TRY IT
The line containing "this 1080×1920 image." opens the span to copy, and the last line of the records below closes it. Write out that span exactly.
════════
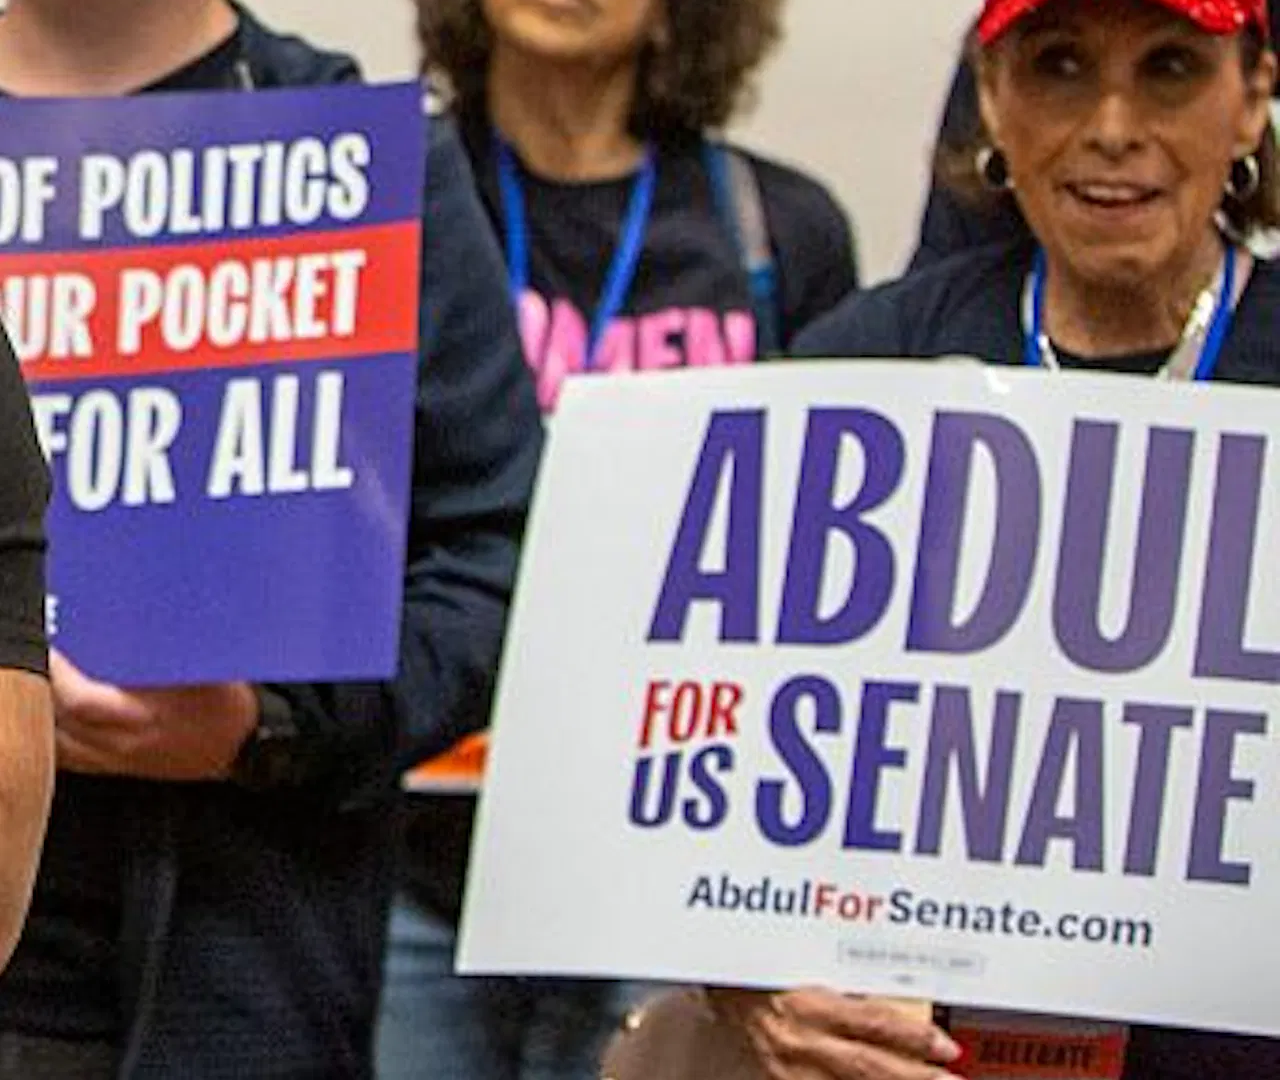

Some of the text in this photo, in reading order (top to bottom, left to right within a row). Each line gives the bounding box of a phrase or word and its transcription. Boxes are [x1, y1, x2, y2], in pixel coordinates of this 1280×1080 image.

[79, 132, 371, 240] POLITICS
[116, 250, 367, 355] POCKET
[30, 371, 355, 512] FOR ALL
[645, 405, 1280, 684] ABDUL
[638, 680, 744, 749] FOR
[627, 673, 1268, 887] US SENATE
[686, 874, 1154, 948] AbdulForSenate.com
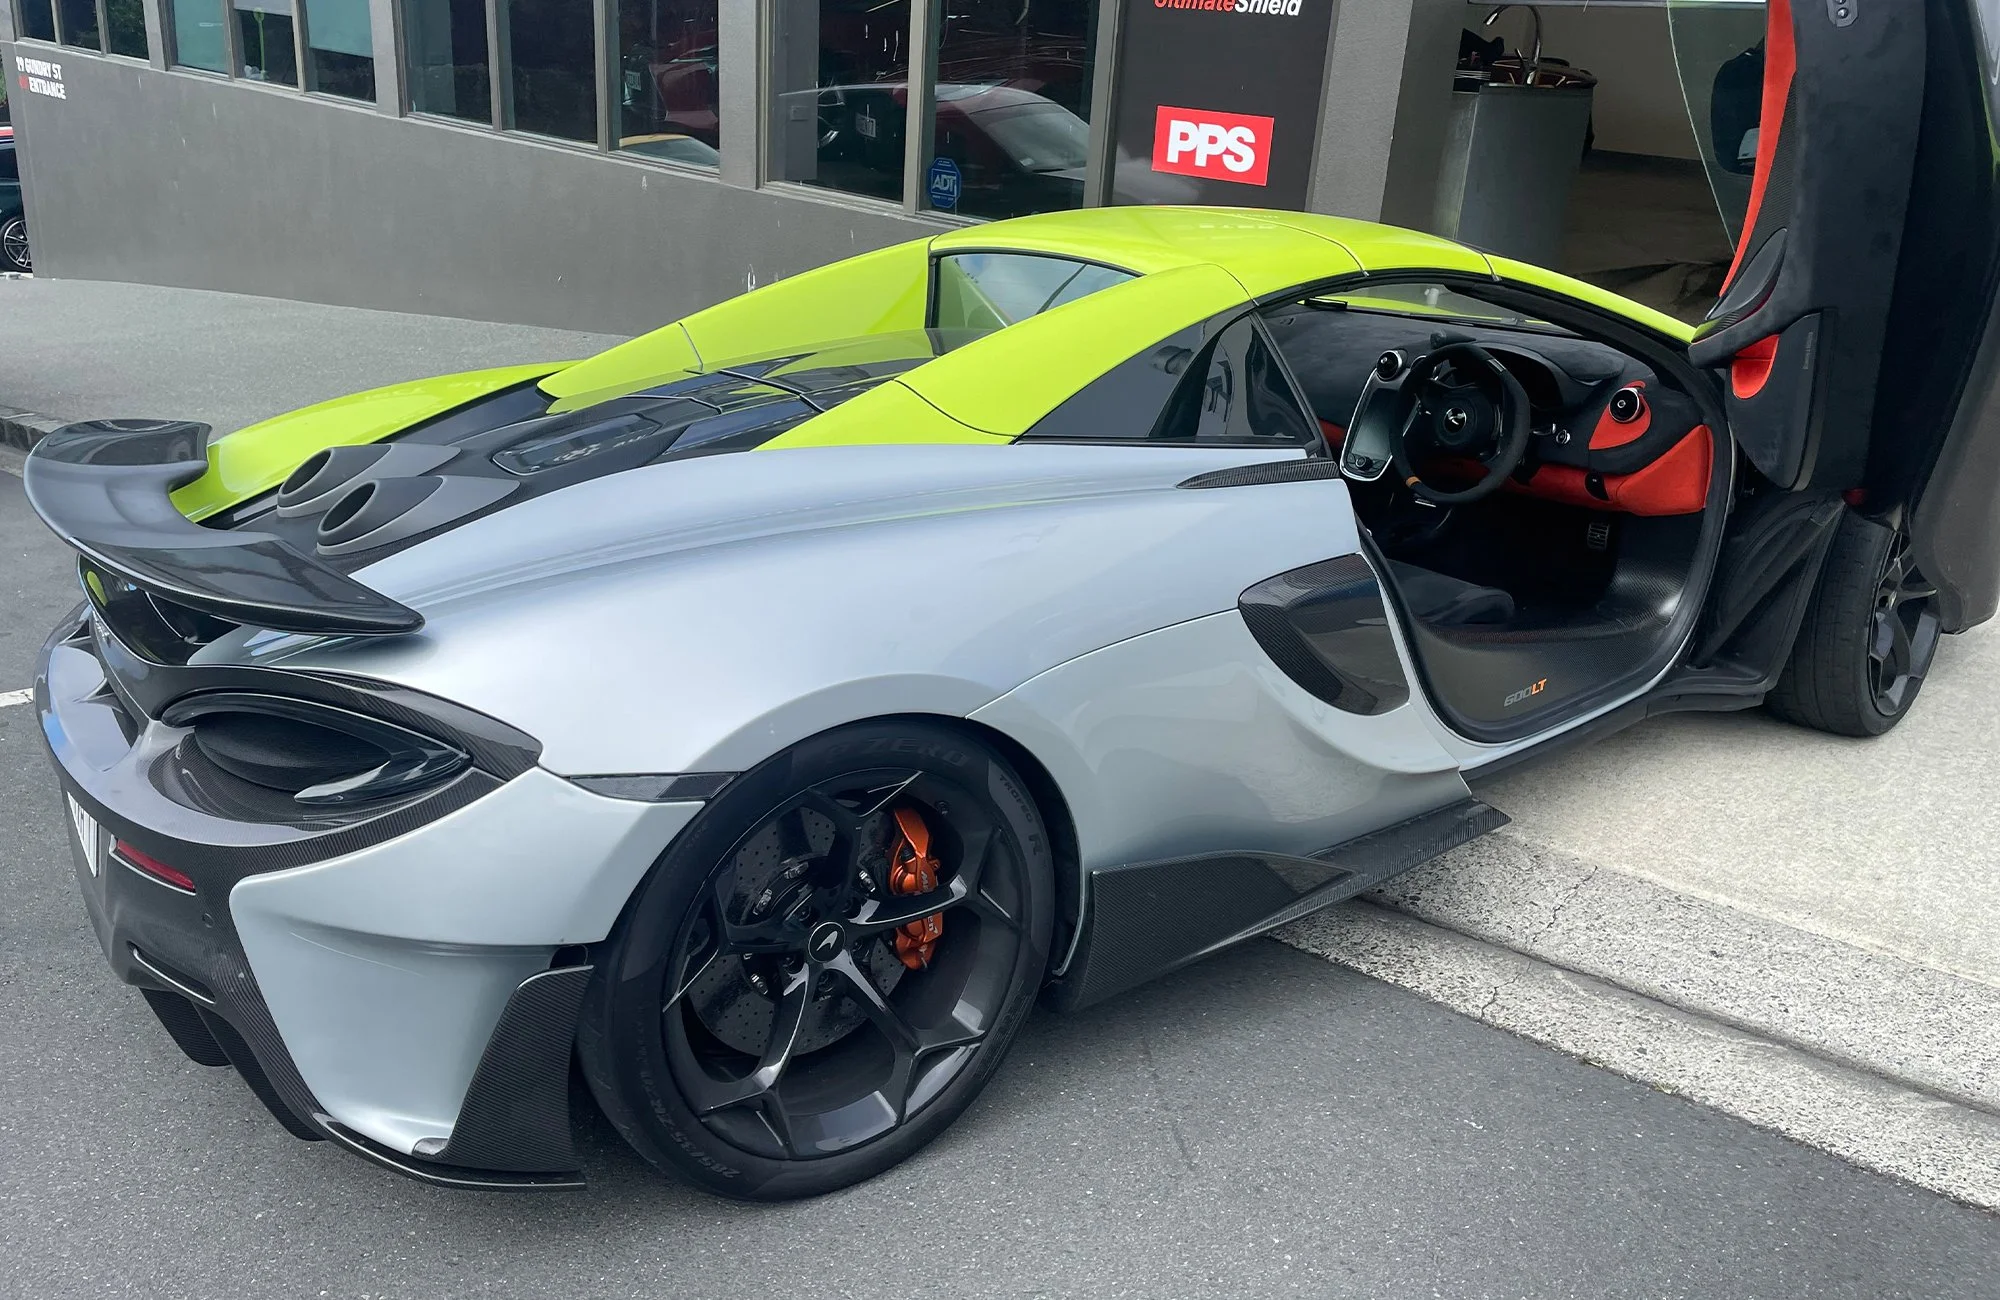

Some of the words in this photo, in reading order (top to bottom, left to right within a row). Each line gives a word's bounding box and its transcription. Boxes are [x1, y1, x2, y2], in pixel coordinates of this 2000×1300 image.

[24, 57, 52, 78] GUNDRY
[52, 63, 62, 80] ST
[28, 76, 67, 100] ENTRANCE
[1167, 119, 1256, 173] PPS
[932, 174, 957, 192] ADT
[1503, 678, 1547, 707] 600LT
[1028, 833, 1044, 856] R
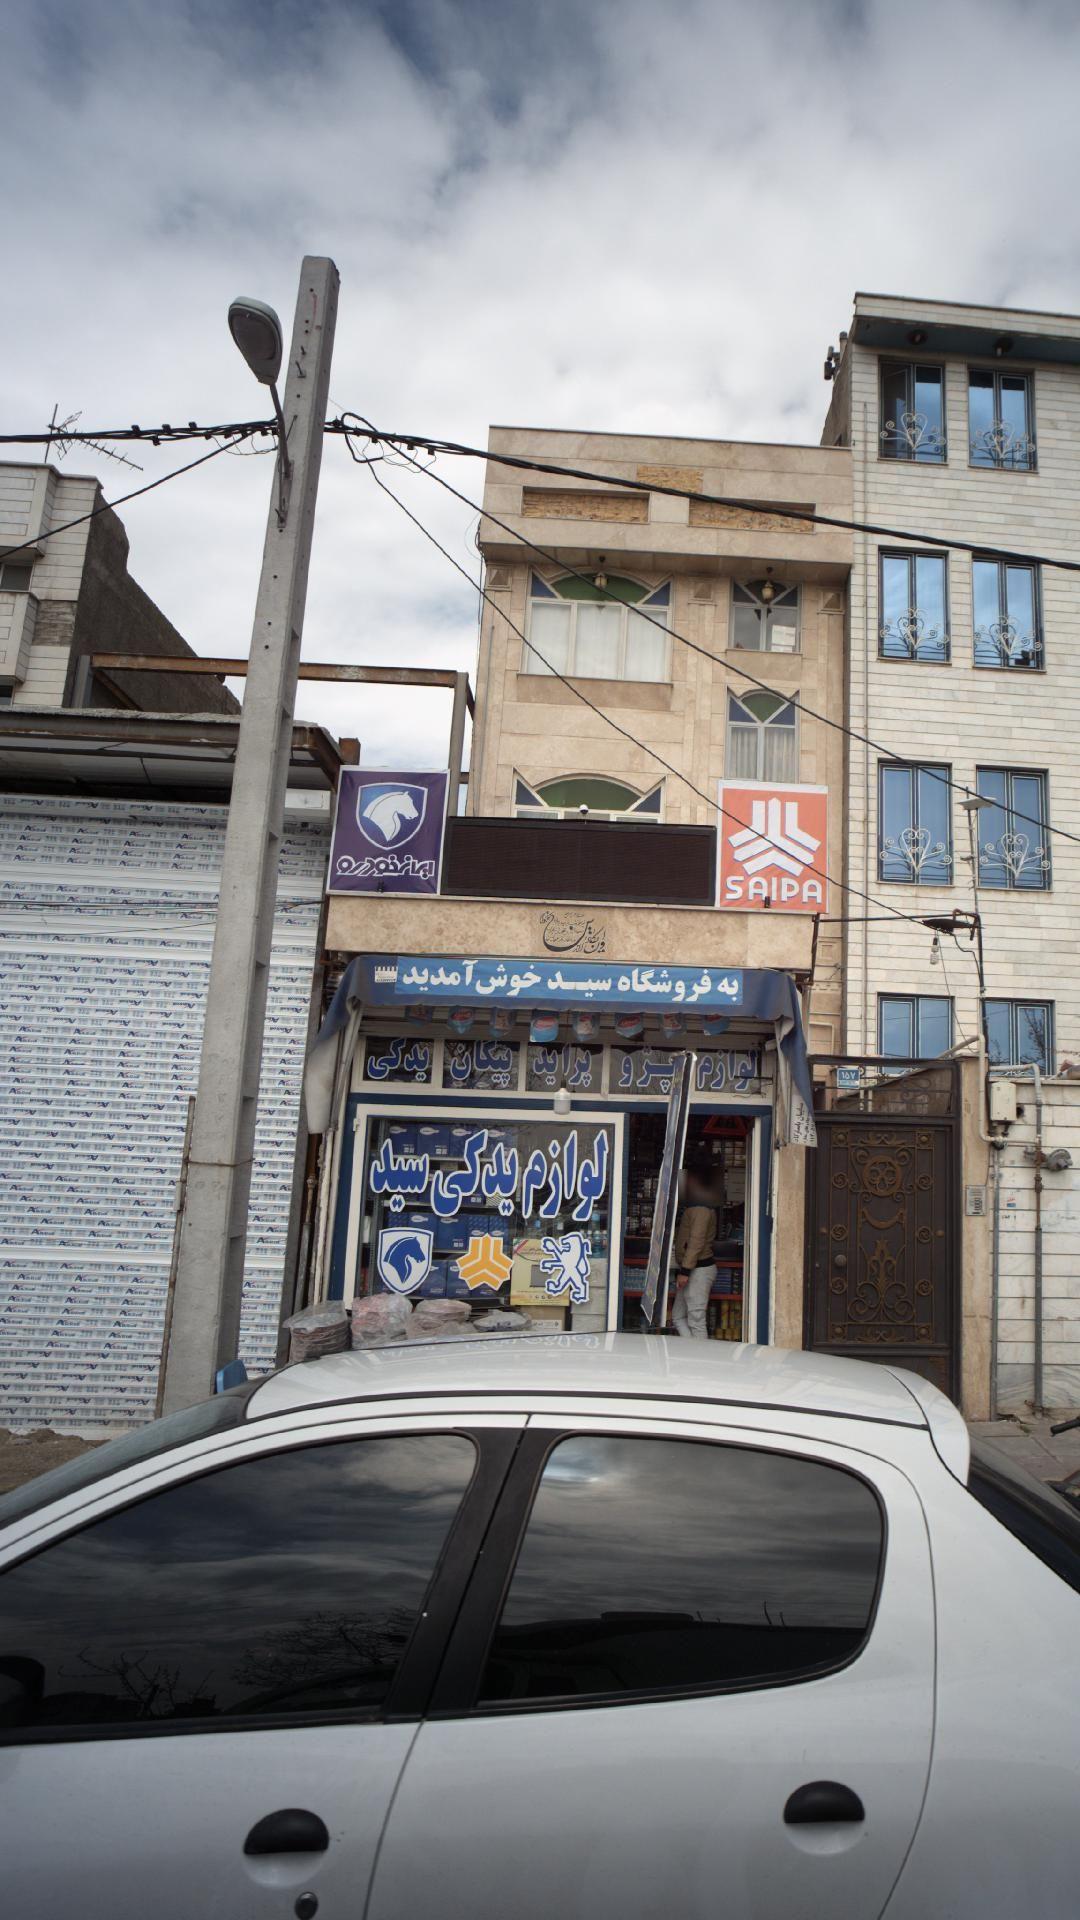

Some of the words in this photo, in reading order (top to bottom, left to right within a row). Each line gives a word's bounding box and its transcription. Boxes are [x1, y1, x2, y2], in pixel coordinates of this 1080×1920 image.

[725, 875, 823, 904] SAIPA
[402, 959, 479, 991] آمدید
[475, 963, 542, 996] خوش
[547, 970, 612, 997] سید
[617, 968, 712, 1002] فروشگاه
[717, 975, 740, 1001] به
[366, 1038, 430, 1082] یدکی
[450, 1039, 513, 1088] پیکان
[533, 1042, 592, 1087] پراید
[697, 1049, 758, 1091] لوازم
[841, 1071, 856, 1080] ۱۵۷
[369, 1138, 430, 1212] سید
[430, 1128, 519, 1217] یدکی
[522, 1129, 609, 1222] لوازم
════════
EXERCISE ANSWER
Some of the words in this photo, in reading order (top to bottom, left to right within a row). Each line gives a word's bounding box and its transcription. Boxes are [x1, y1, x2, y2], in pixel coordinates of this 1080×1920 image.

[725, 875, 823, 904] SAIPA
[402, 959, 479, 991] آمدید
[475, 963, 542, 996] خوش
[547, 970, 612, 997] سید
[617, 968, 712, 1002] فروشگاه
[717, 975, 740, 1001] به
[366, 1038, 430, 1082] یدکی
[450, 1039, 513, 1088] پیکان
[533, 1042, 592, 1087] پراید
[697, 1049, 758, 1091] لوازم
[841, 1071, 856, 1080] ۱۵۷
[369, 1138, 430, 1212] سید
[430, 1128, 519, 1217] یدکی
[522, 1129, 609, 1222] لوازم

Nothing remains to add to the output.